6000 Days – Part 2
Raising children is such an incredible adventure. Throughout my journey, I’ve been grateful for the friendships I’ve had with women who are a step or two ahead of me raising their children. Today, as I continue from Tuesday’s post, I hope this will serve as a helpful perspective. If you’re earlier in your parenting, you can prepare now. If you’re a grandparent, perhaps this is a way you can help your children with the monumental task of raising godly children in an ungodly culture.What the books and experts say about teenagers shifting their time and source of approval from parents to friends has been fairly accurate for us. While we have solid relationships with both of our children, we can see them beginning to spread their wings. It would be unhealthy if this were not happening. Nonetheless, it does prove to be a little nerve wracking.If you have children in eighth grade or younger, don’t be deceived into thinking they will receive your wisdom and influence to the same degree for the remainder of their time in your home. In reality, there’s a noticeable shift around the ninth grade. Pour in as much wisdom as you can during those first 6000 days. Also, prioritize the relationship so you enter the last 1000 days with strong roots to tolerate the winds of change that are coming.So, what can a parent do to make those last 1000 days a proactive contribution to their teen’s development? Here is my heads up to you: There’s a lot you can do, but some of it is expensive. For all you Dave Ramsey people, start a teenage fund now. Not just a college or a car fund, but a teenage fund.Here’s what I mean… As your children get older, they begin to have a choice as to whether they spend time with you or not. Yes, you can force them to stay home. But I promise that won’t help you accomplish your goals for your children. The goal isn’t to have outward behavior management while they’re under your roof. The goal is to equip them in such a way that when they are no longer under your constant attention, they will make God-honoring decisions.As high school and then driving freedom comes, your student is encountering many firsts. These are the types of firsts you want them to process with you. How do you make sure you continue to have those meaningful conversations? Here are some ideas:
- Pick their favorite restaurant and schedule a weekly family meal there. If you have younger children, make it something just for the older ones, where possible.
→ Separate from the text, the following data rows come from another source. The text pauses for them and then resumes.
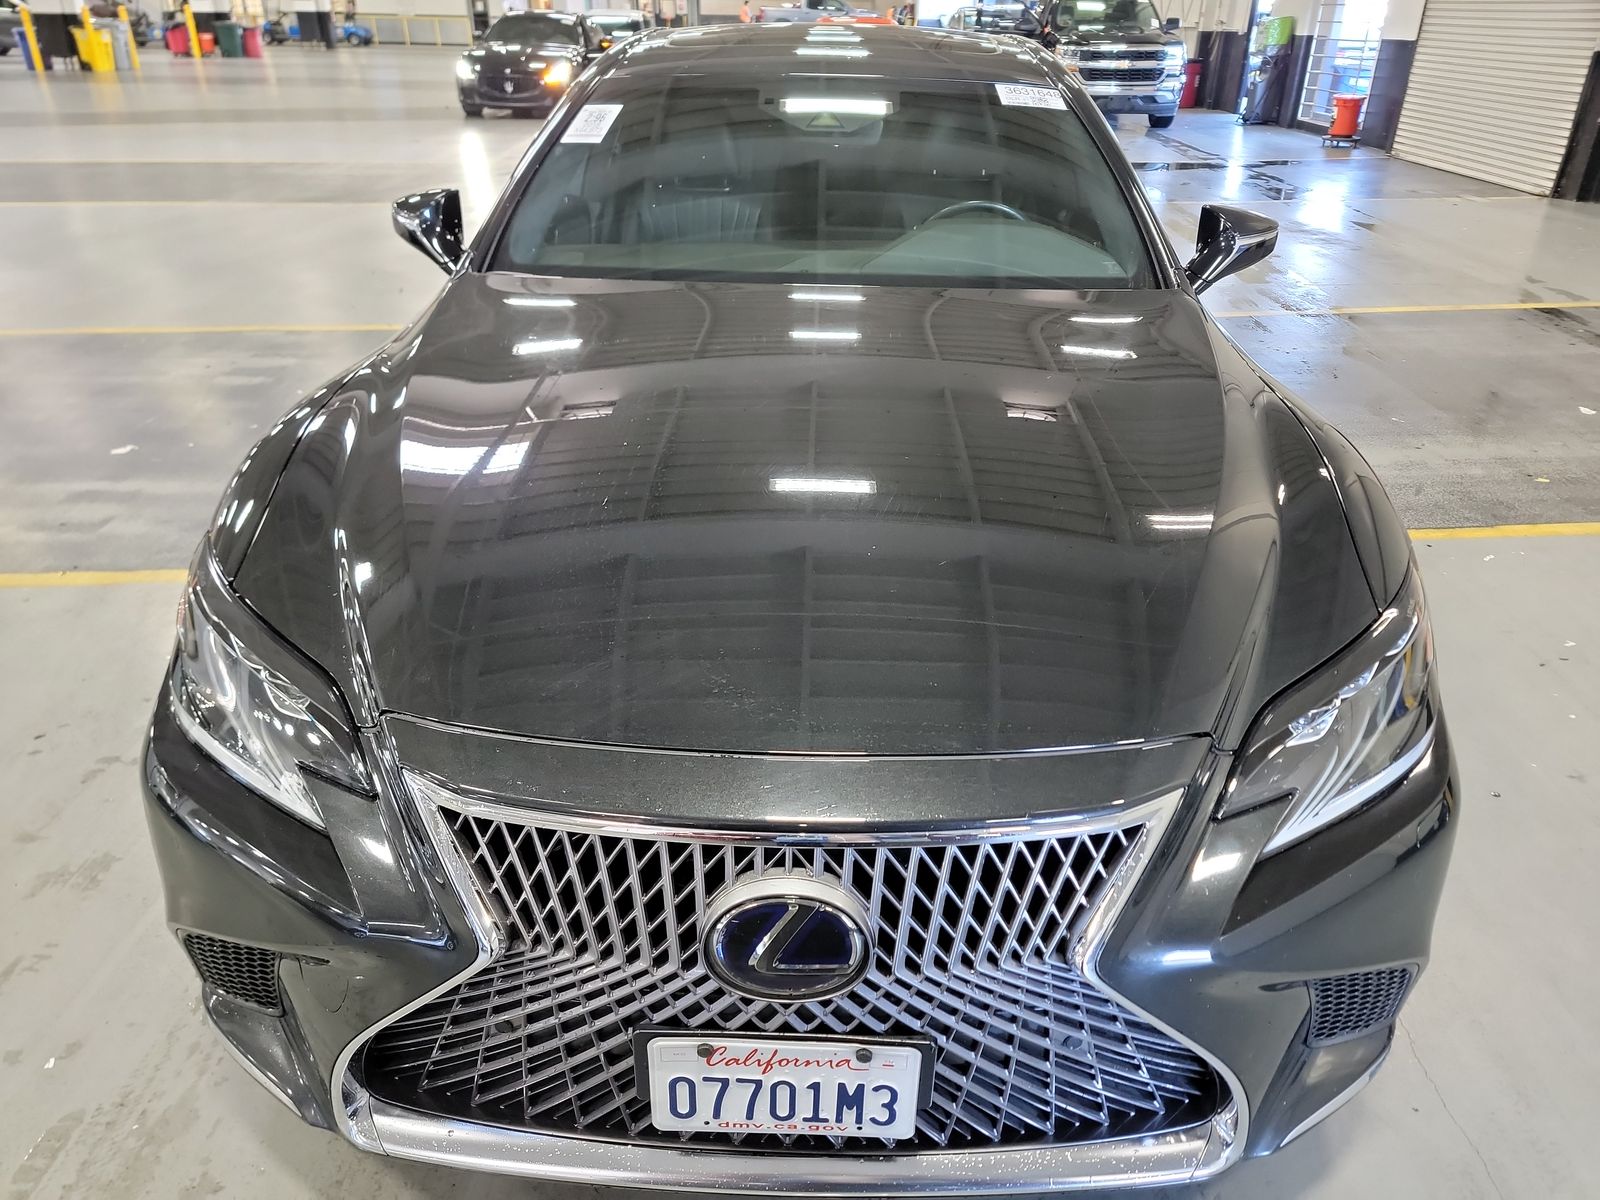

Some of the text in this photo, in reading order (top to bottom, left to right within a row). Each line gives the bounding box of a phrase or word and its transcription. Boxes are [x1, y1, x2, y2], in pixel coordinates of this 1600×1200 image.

[705, 1045, 870, 1075] California
[668, 1076, 899, 1126] 07701M3
[717, 1121, 849, 1132] dmv.ca.gov
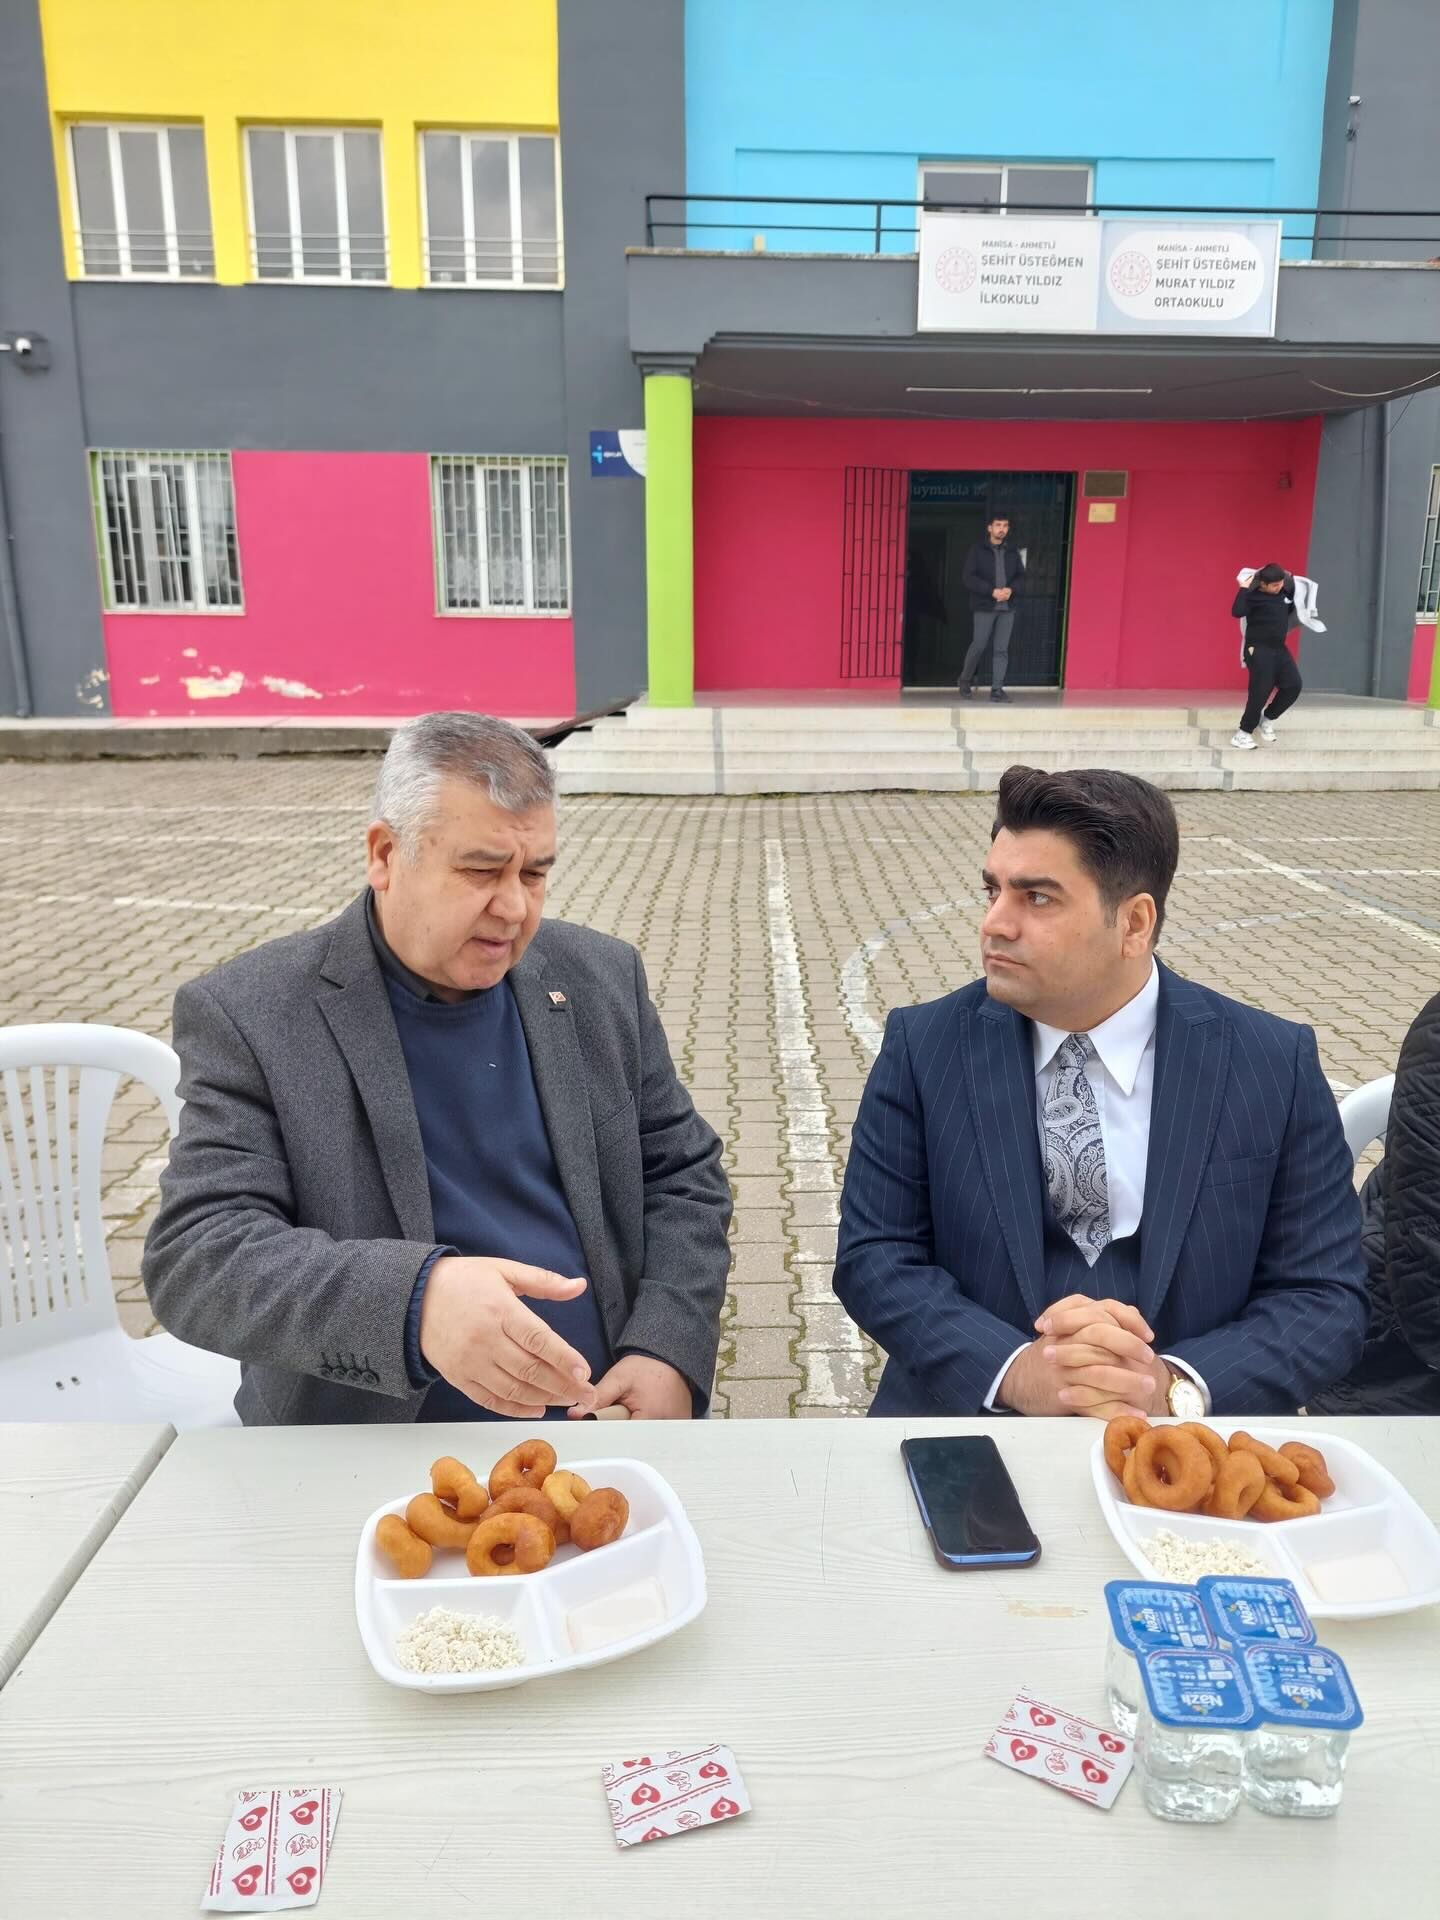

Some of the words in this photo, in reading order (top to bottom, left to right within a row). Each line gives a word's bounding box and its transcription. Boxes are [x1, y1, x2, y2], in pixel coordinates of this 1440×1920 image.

[1020, 241, 1056, 250] AHMETLİ
[1194, 245, 1229, 253] AHMETLİ
[981, 253, 1016, 267] ŞEHİT
[1018, 253, 1083, 268] ÜSTEĞMEN
[1156, 257, 1190, 271] ŞEHİT
[1193, 257, 1256, 271] ÜSTEĞMEN
[981, 274, 1022, 285] MURAT
[1025, 275, 1062, 287] YILDIZ
[1155, 278, 1196, 289] MURAT
[1199, 279, 1235, 289] YILDIZ
[980, 291, 1039, 305] İLKOKULU
[1154, 297, 1224, 308] ORTAOKULU
- During the summer, schedule a weekly lunch with your daughter.
- Encourage dad to do the same with your son.
- Double dates. When funds are low, we’ve been invited to double date with our son and his girlfriend. We’ll gladly sacrifice somewhere else in the budget to get face-to-face time with two of our favorite people… even if they only want us for our wallet!
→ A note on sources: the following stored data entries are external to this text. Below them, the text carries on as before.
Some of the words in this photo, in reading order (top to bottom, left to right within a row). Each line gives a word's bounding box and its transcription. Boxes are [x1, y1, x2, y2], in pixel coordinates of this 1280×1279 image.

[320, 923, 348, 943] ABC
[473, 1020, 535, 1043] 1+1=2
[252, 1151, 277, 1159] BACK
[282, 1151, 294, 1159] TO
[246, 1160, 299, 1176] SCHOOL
- Use 16th and 18th birthdays as intentional times.
- Invest in time away. I grew up without taking many vacations. The practical side of me sees dollar signs, but I had to adjust my thinking. The mom in me sees that our time away is a great break in a teenager’s routine. Sometimes we include friends… the right kind of friends. We could send them to the beach with another family –or we could be the ones on-site to make sure our children are in the right type of environment.
We only get one chance to raise each child. Regardless of your income, your teenagers need your influence as they approach adulthood. They need your heart more than your money, but I’m just keeping it real. Sometimes loving them in their love language provides great opportunities for them to be willing to receive wise counsel!